**Task directions**
Each and every line below goes into your answer unchanged, but leave out the images.

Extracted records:
-=-=-=-=-

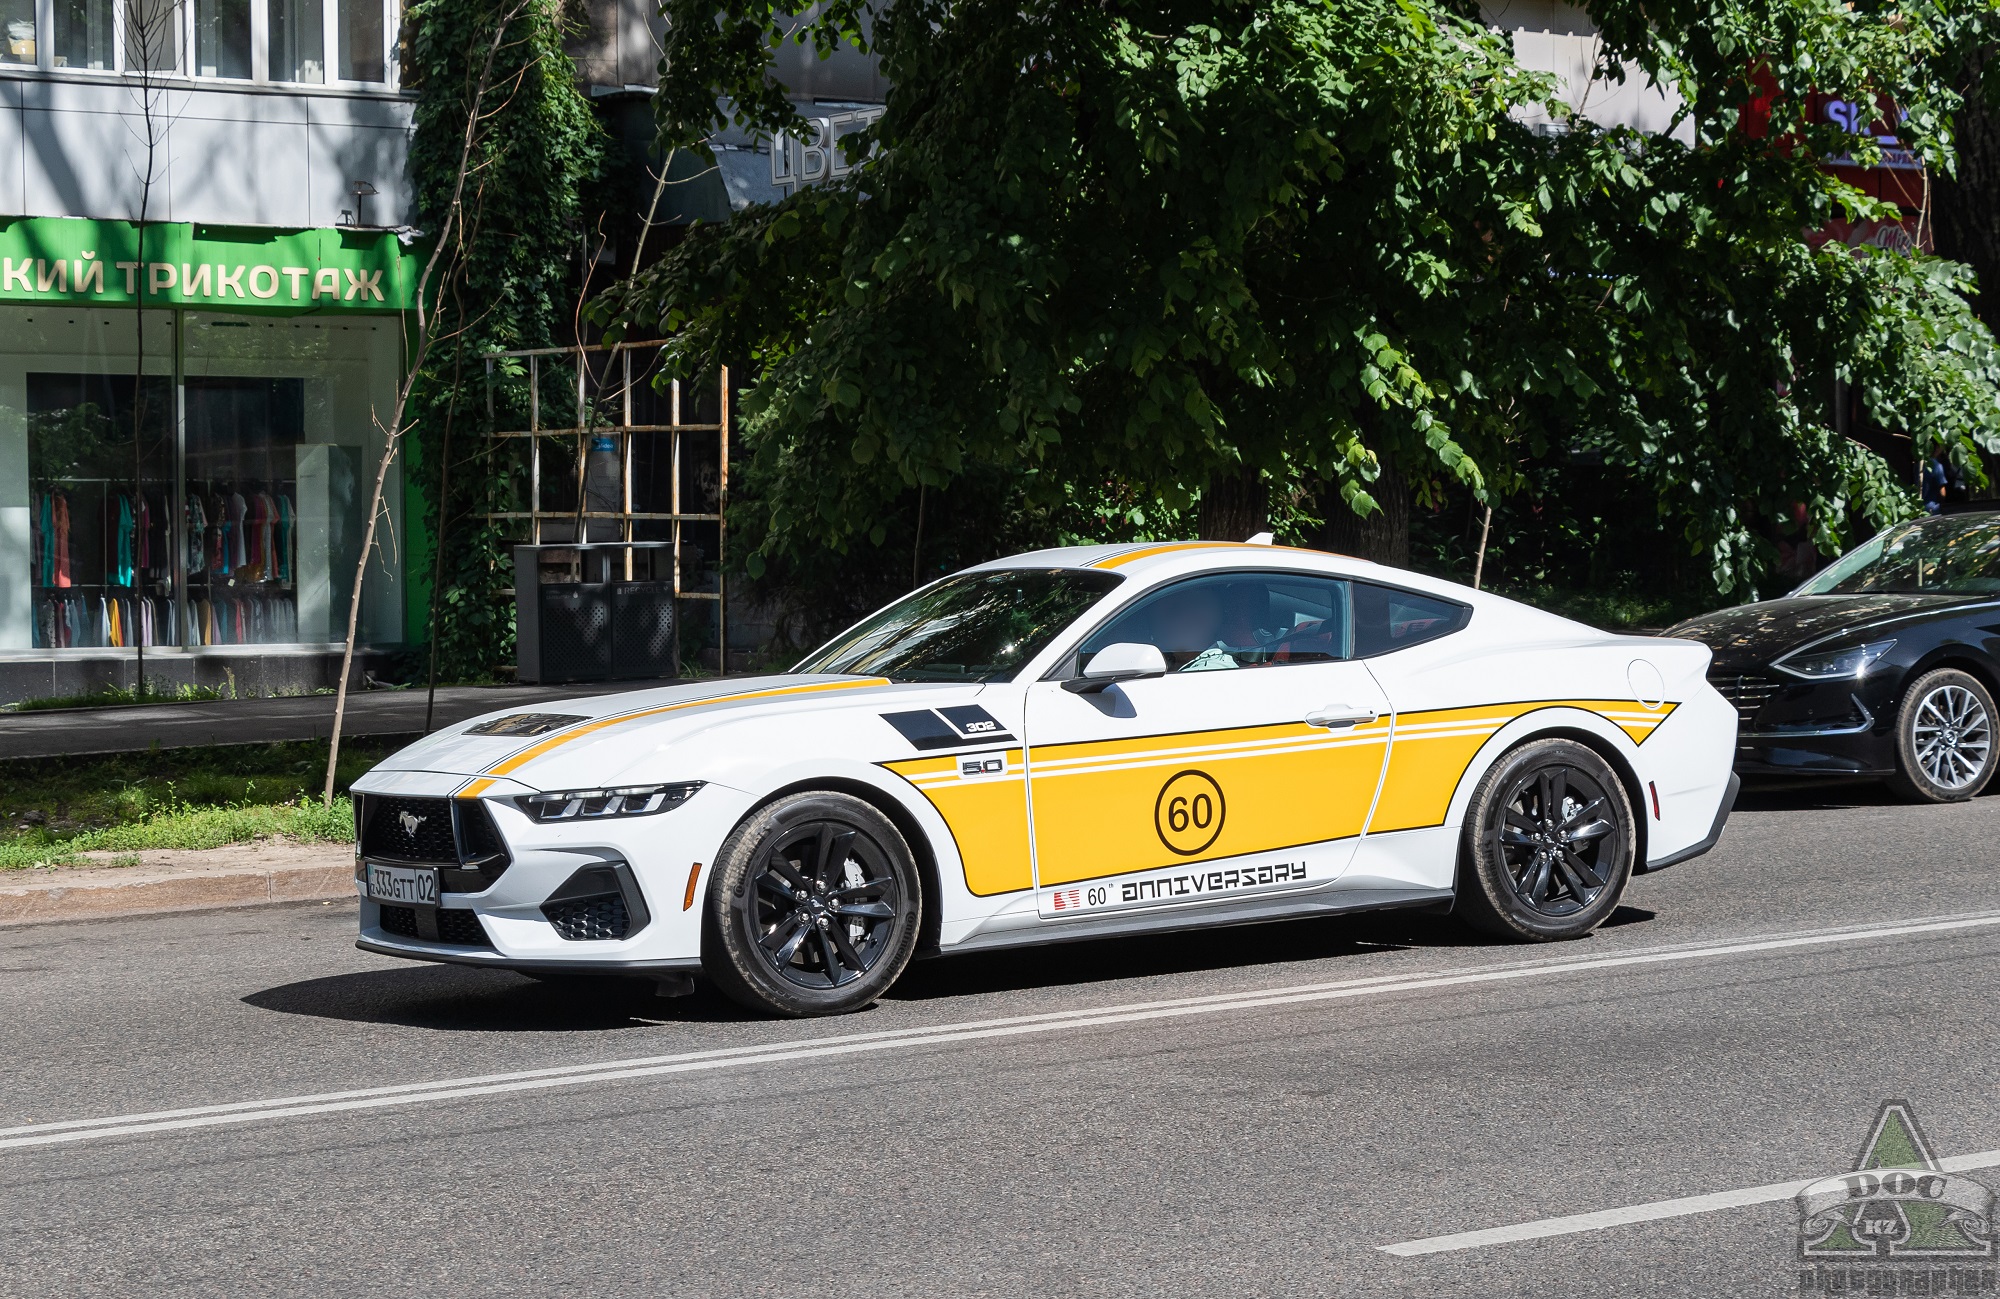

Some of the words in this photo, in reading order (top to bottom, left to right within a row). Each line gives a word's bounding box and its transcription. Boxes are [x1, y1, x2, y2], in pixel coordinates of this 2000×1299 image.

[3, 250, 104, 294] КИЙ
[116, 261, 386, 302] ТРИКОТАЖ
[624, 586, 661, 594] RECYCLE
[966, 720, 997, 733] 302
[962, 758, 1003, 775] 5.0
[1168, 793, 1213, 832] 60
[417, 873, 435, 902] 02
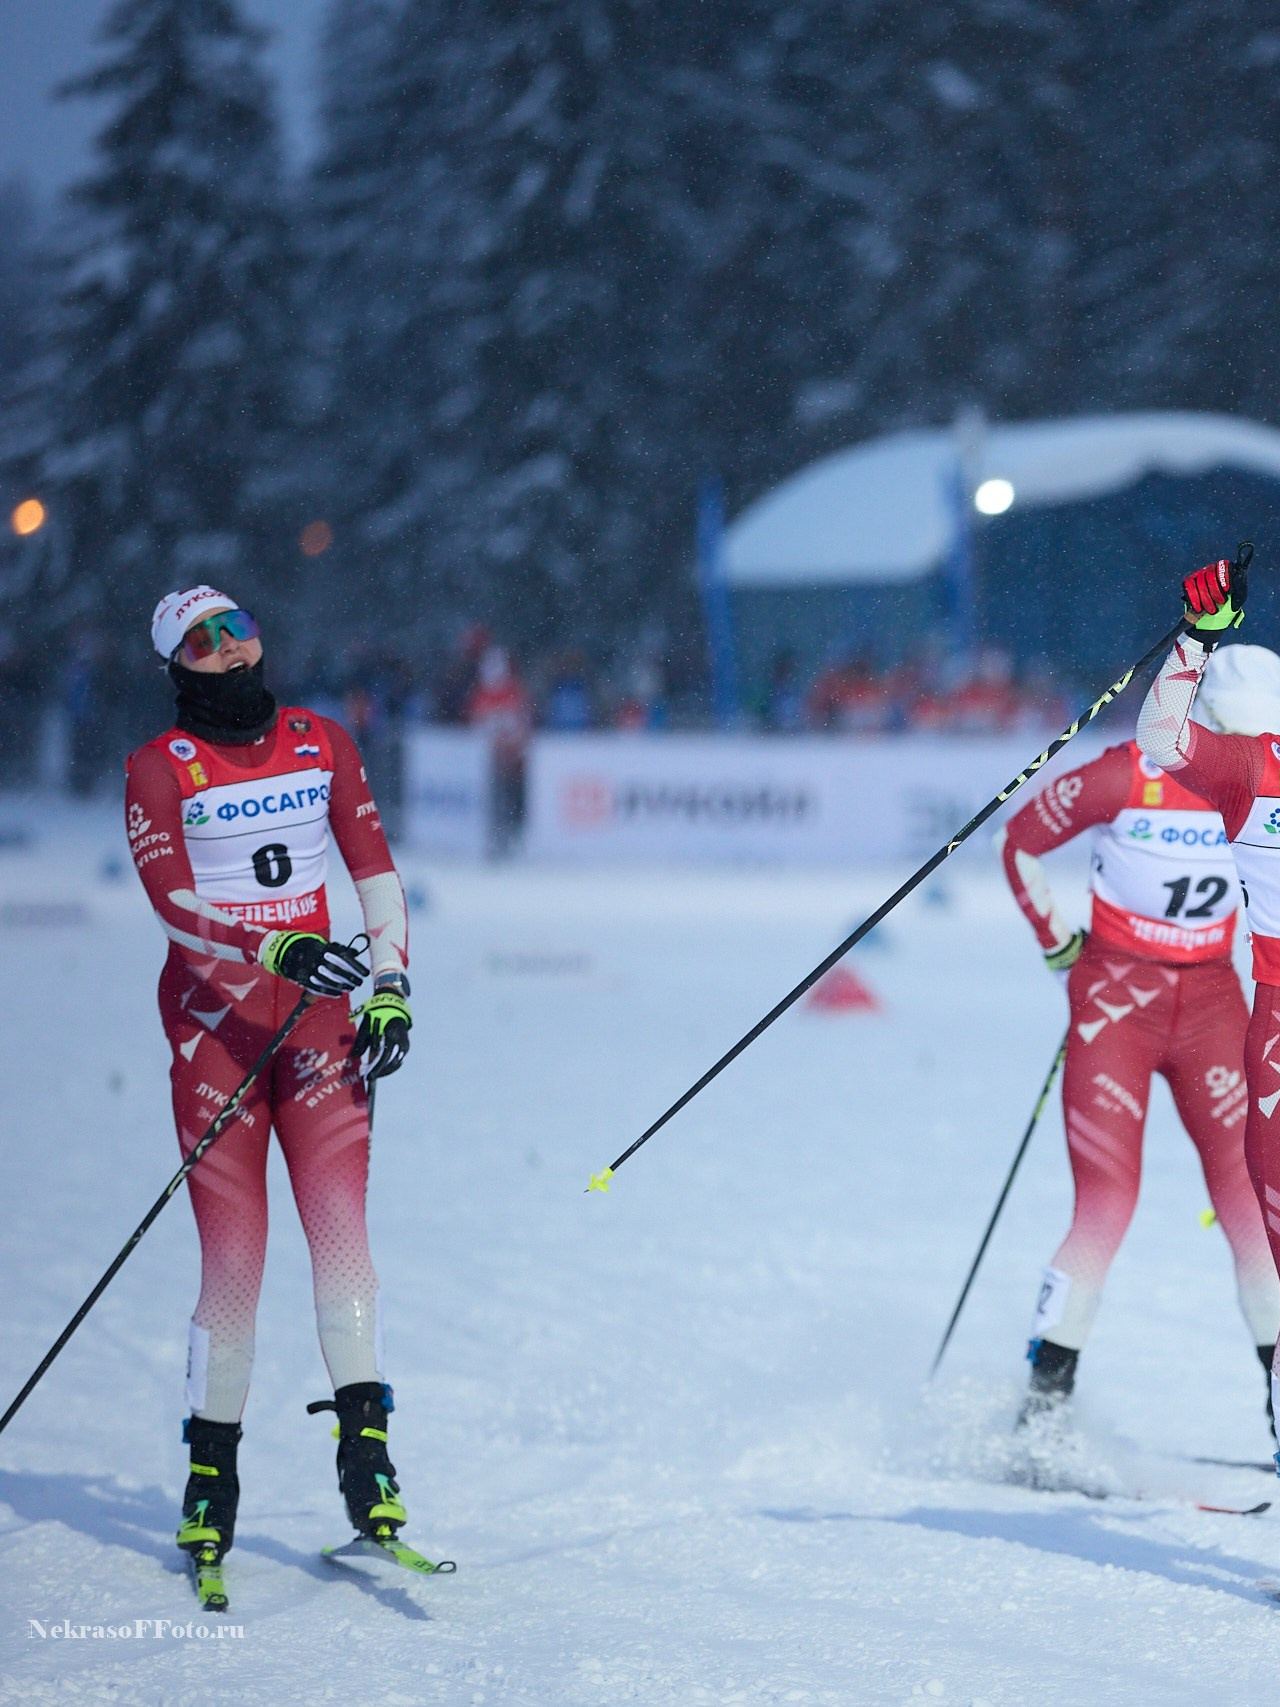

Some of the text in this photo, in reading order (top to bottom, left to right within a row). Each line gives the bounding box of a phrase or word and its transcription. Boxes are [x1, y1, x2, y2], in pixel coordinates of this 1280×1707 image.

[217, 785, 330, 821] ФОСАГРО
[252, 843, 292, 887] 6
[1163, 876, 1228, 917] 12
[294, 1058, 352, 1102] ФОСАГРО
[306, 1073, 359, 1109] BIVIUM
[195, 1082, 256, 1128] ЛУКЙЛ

-=-=-=-=-

**Answer**
Some of the words in this photo, in reading order (top to bottom, left to right within a row). Each line gives a word's bounding box and its transcription. Boxes are [x1, y1, x2, y2], in pixel coordinates of this 2000×1299 image.

[3, 250, 104, 294] КИЙ
[116, 261, 386, 302] ТРИКОТАЖ
[624, 586, 661, 594] RECYCLE
[966, 720, 997, 733] 302
[962, 758, 1003, 775] 5.0
[1168, 793, 1213, 832] 60
[417, 873, 435, 902] 02

Some of the text in this photo, in reading order (top to bottom, left to right within a row). Each line gives the bounding box of a phrase or word and its transcription. Boxes are [x1, y1, x2, y2], in pixel coordinates of this 1280×1707 image.

[217, 785, 330, 821] ФОСАГРО
[252, 843, 292, 887] 6
[1163, 876, 1228, 917] 12
[294, 1058, 352, 1102] ФОСАГРО
[306, 1073, 359, 1109] BIVIUM
[195, 1082, 256, 1128] ЛУКЙЛ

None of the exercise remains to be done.